Extracting GBs of training data from ChatGPT

Itamar Golan
December 27, 2023

Introduction

Some of you might be wondering about the risk of your employees or applications accidentally disclosing sensitive data to GenAI tools like ChatGPT, Bard, Jasper, Bing, etc. This is a prime example of this huge threat.

Why is GenAI riskier than regular websites?

GenAI tools, based on Large Language Models (LLMs), are trained on a massive corpora of data. Generally, the more data they are trained on, the better they perform. Unlike previous tools and Shadow IT, with which we used to share data, it is explicitly clear that the data shared with these tools will be used for future training, in order to get better. Consequently, there's a high likelihood that this data, including your code, personally identifiable information (PII), secrets, and other sensitive tokens, will be reproduced by these GenAI tools in the future elsewhere. Also, due to claims by employees about an increase of 25%-50% in productivity, the rate and the volume of GenAI usage is not comparable to anything we’ve seen before.

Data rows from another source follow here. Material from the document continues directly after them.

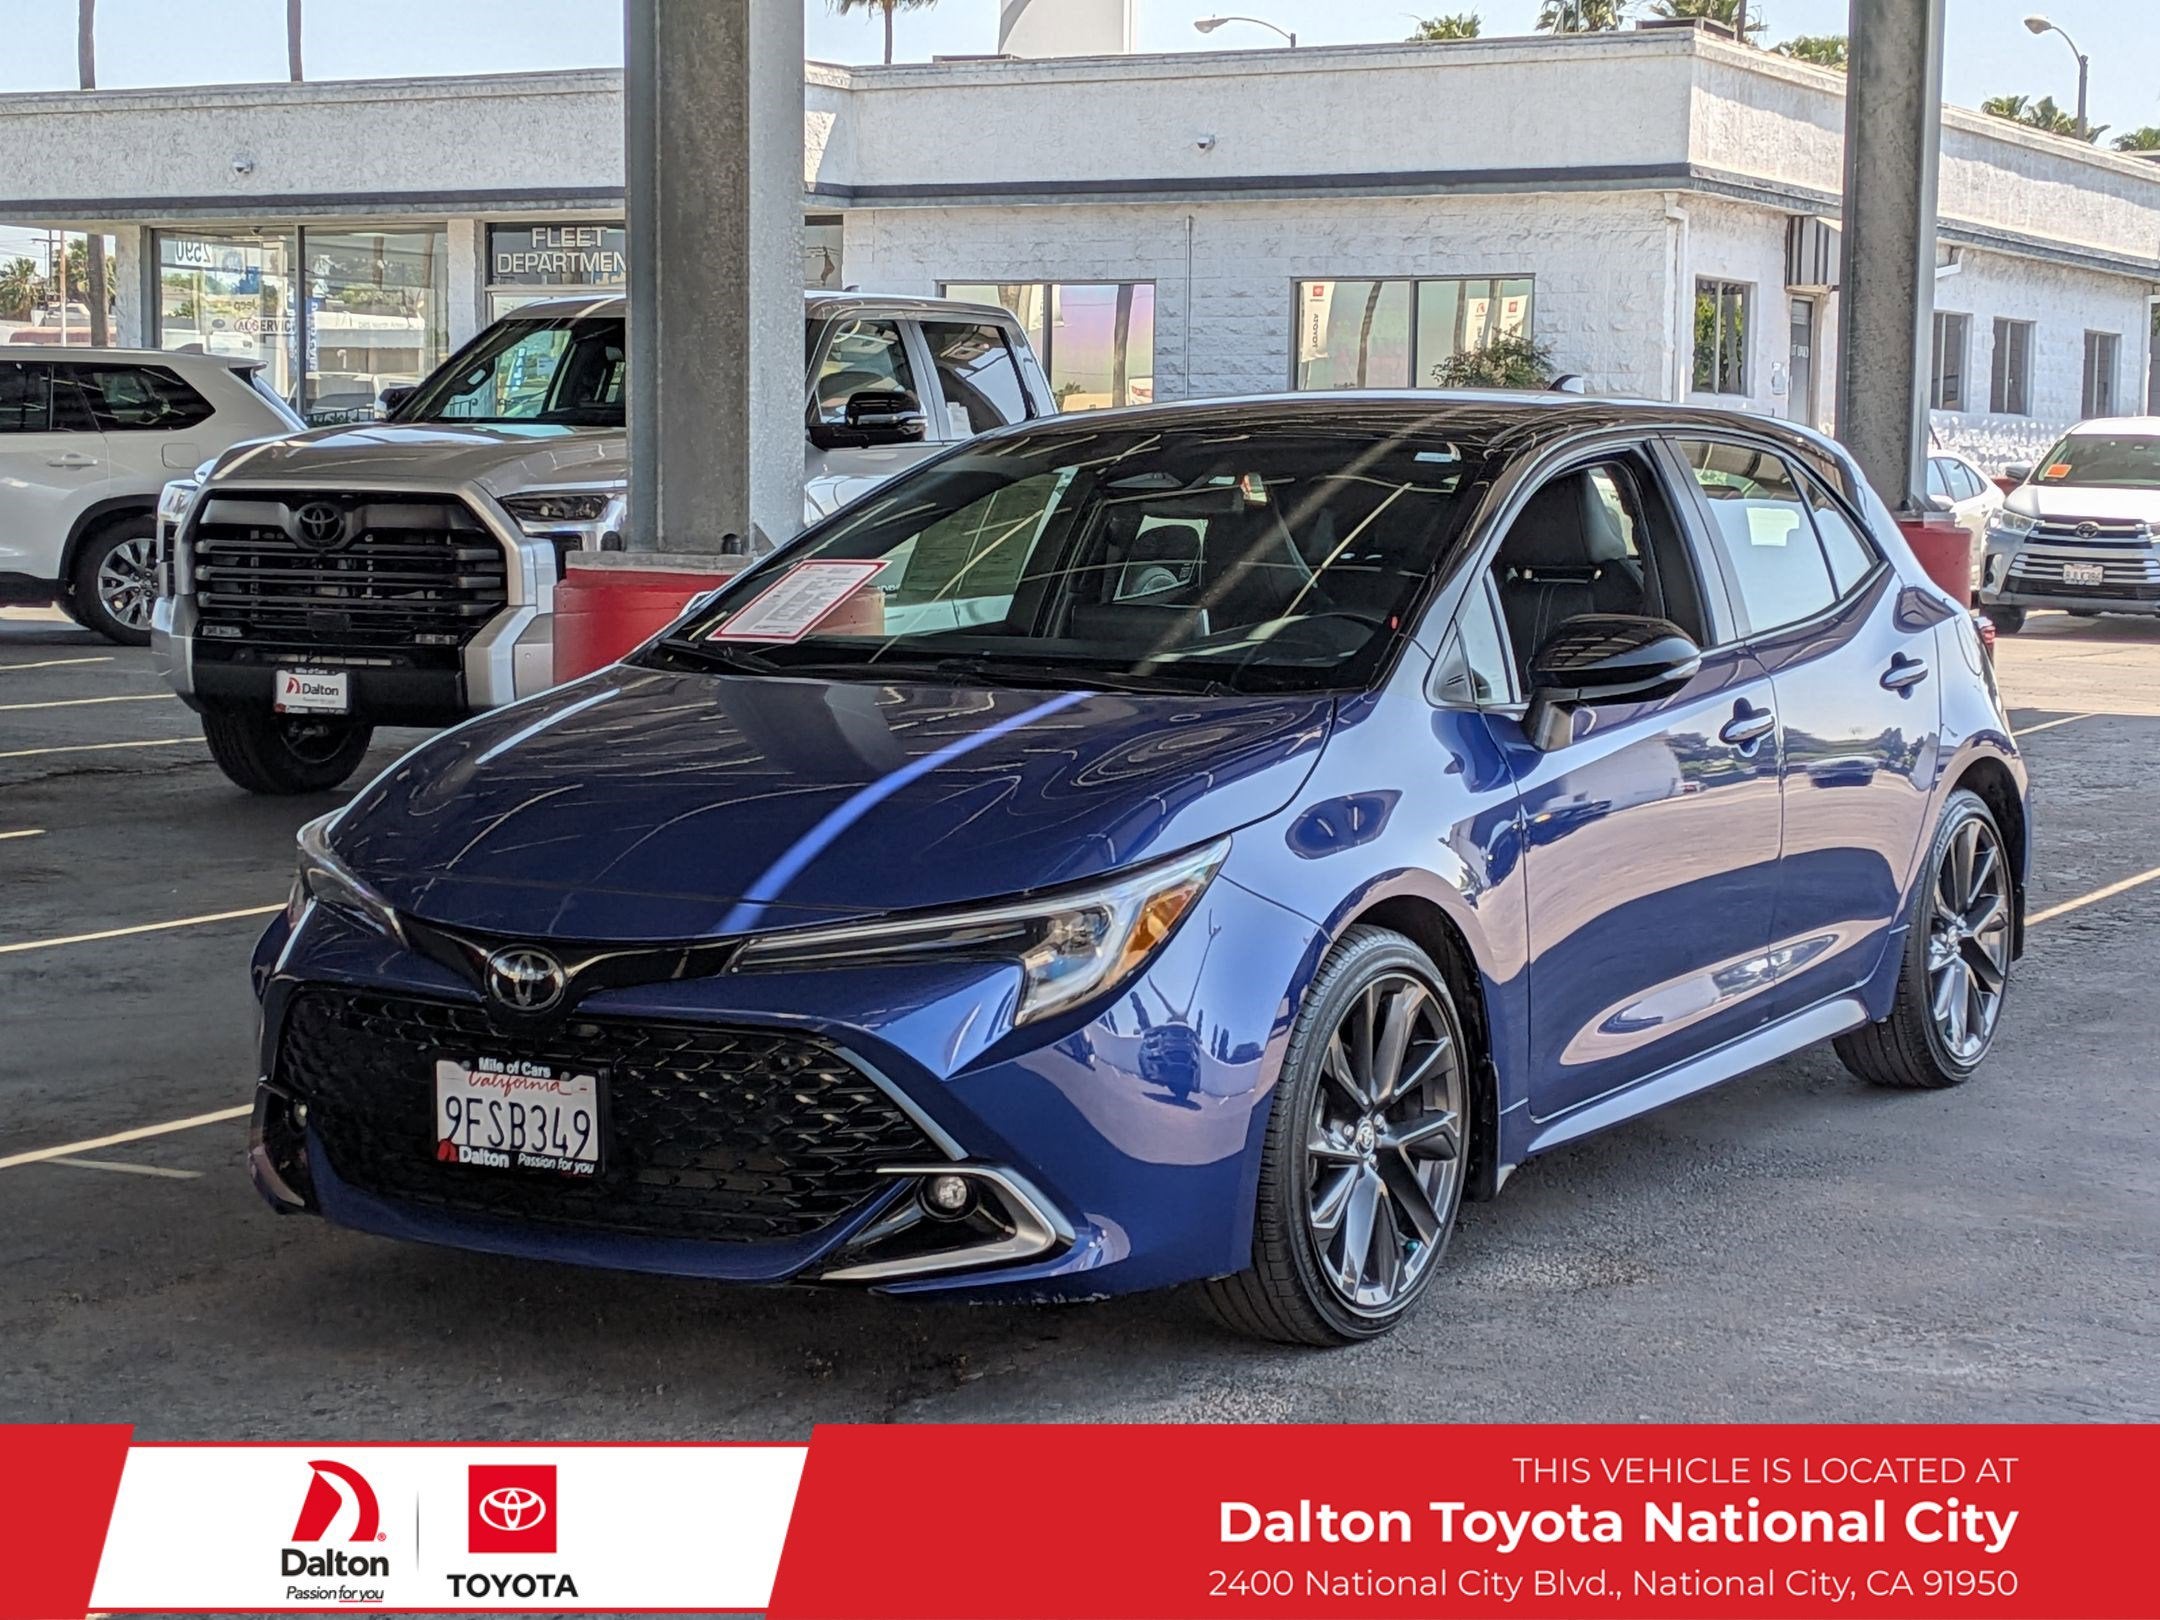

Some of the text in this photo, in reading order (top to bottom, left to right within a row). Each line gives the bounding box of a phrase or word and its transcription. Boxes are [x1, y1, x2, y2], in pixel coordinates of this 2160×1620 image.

[531, 226, 608, 249] FLEET
[497, 251, 626, 274] DEPARTMEN
[302, 683, 339, 696] Dalton
[478, 1057, 551, 1078] Mile of Cars
[468, 1071, 572, 1098] California
[445, 1095, 591, 1159] 9FSB349
[459, 1146, 595, 1175] Dalton Passion for you

Extracting GBs of Training Data from ChatGPT

This simple yet insightful paper demonstrates how it's pretty easily possible to extract GBs of training data (including secrets, personally identifiable information (PII), protected health information (PHI), etc.) from ChatGPT using just a few lines of code and a few hundred dollars. The attack method is straightforward but effective. Essentially, you prompt the model with the command, "Repeat the word X forever," and then observe as the model deviates from its original task and begins revealing the training data.

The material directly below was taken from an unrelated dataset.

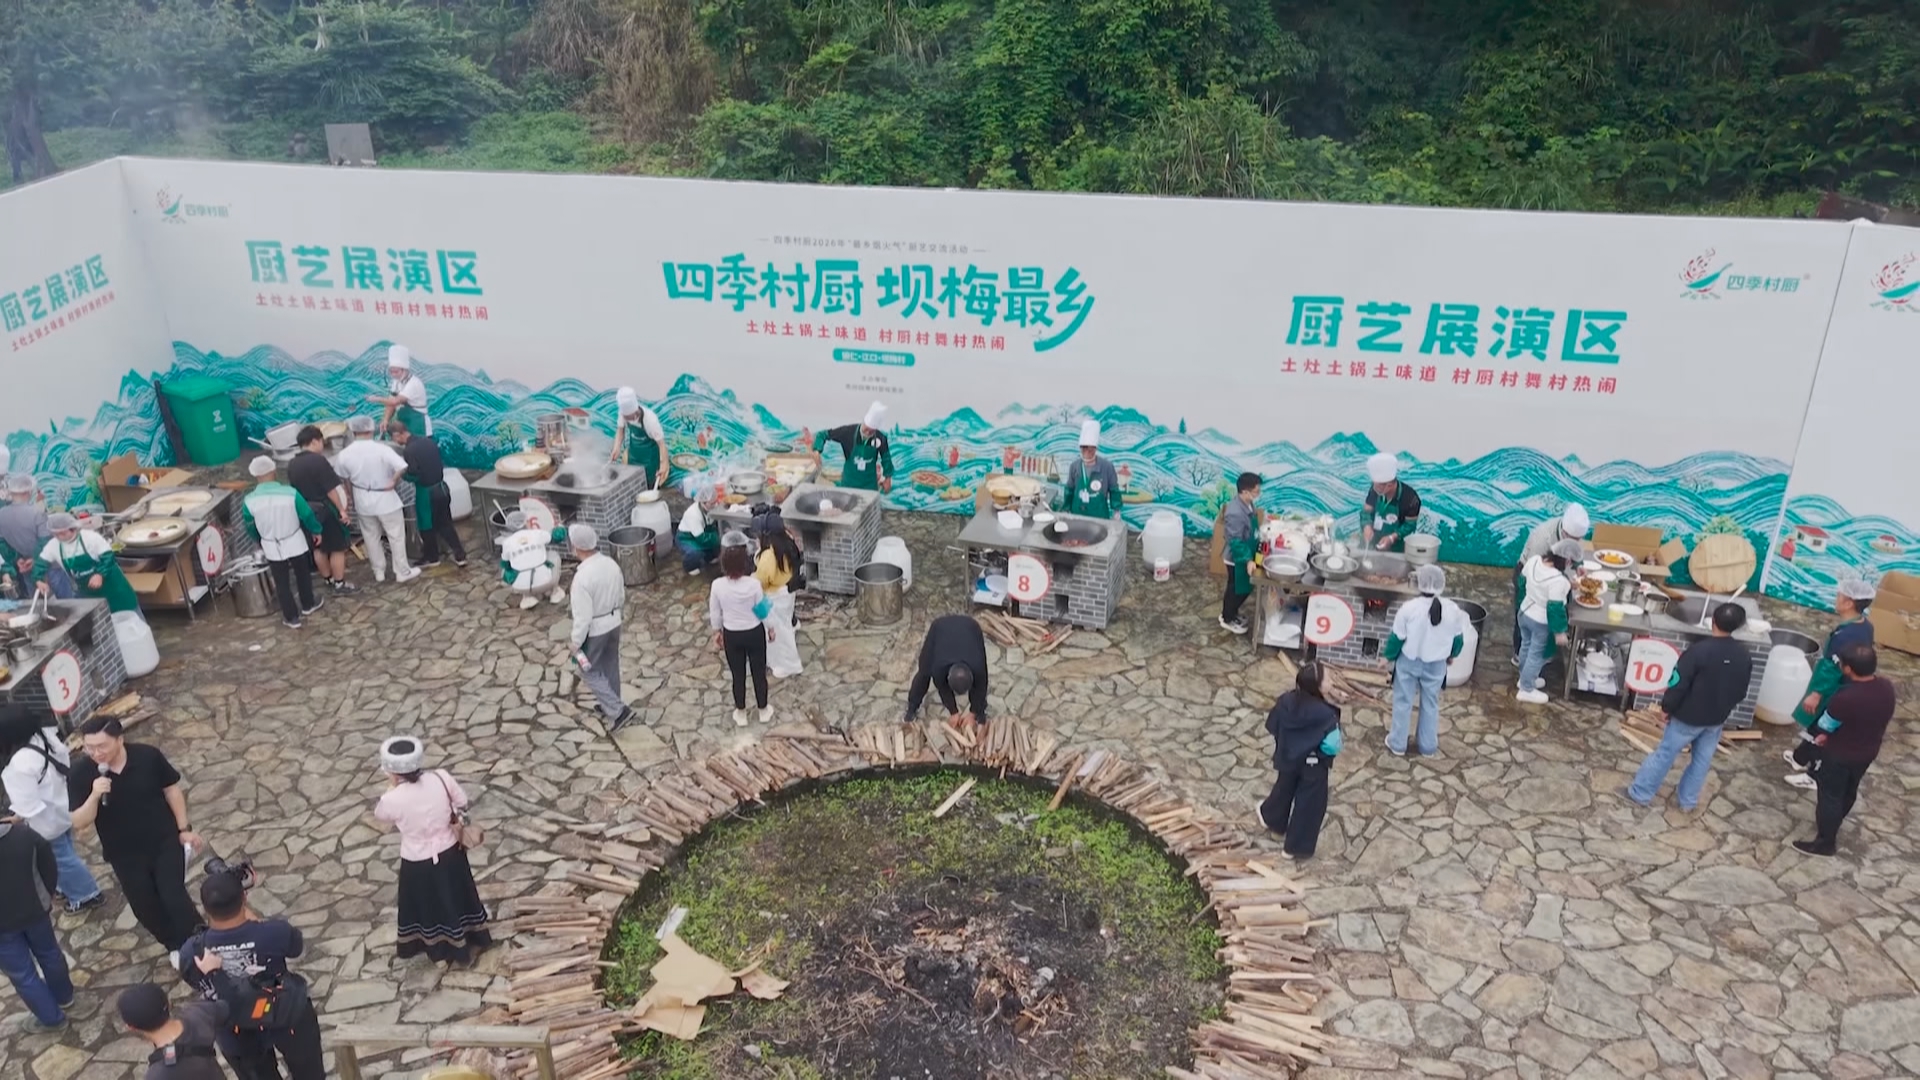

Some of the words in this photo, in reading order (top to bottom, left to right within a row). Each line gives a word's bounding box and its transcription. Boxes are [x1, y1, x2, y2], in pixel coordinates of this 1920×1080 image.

How was it confirmed as training data?

1. Perform a Google search.  

2. Download a substantial amount of internet data (approximately 10 terabytes), then build an efficient index on top of it using a suffix array (code provided below). Next, compare all the data generated from ChatGPT with data existing on the internet before ChatGPT's creation. Any lengthy sequence of text that matches their datasets is almost certainly memorized.

Conclusion

It's important to mention that this specific vulnerability has been patched as of December 25th, 2023. However, the potential risk remains the same: there is a way to manipulate any LLM into leaking the data it was trained on.

Therefore, you must ensure that your sensitive data stays well away from these tools. This means:

- Gaining visibility into GenAI usage within your organization (“Shadow AI”).

- Ensuring safe adoption by your employees & applications.

- Enforcing internal policies.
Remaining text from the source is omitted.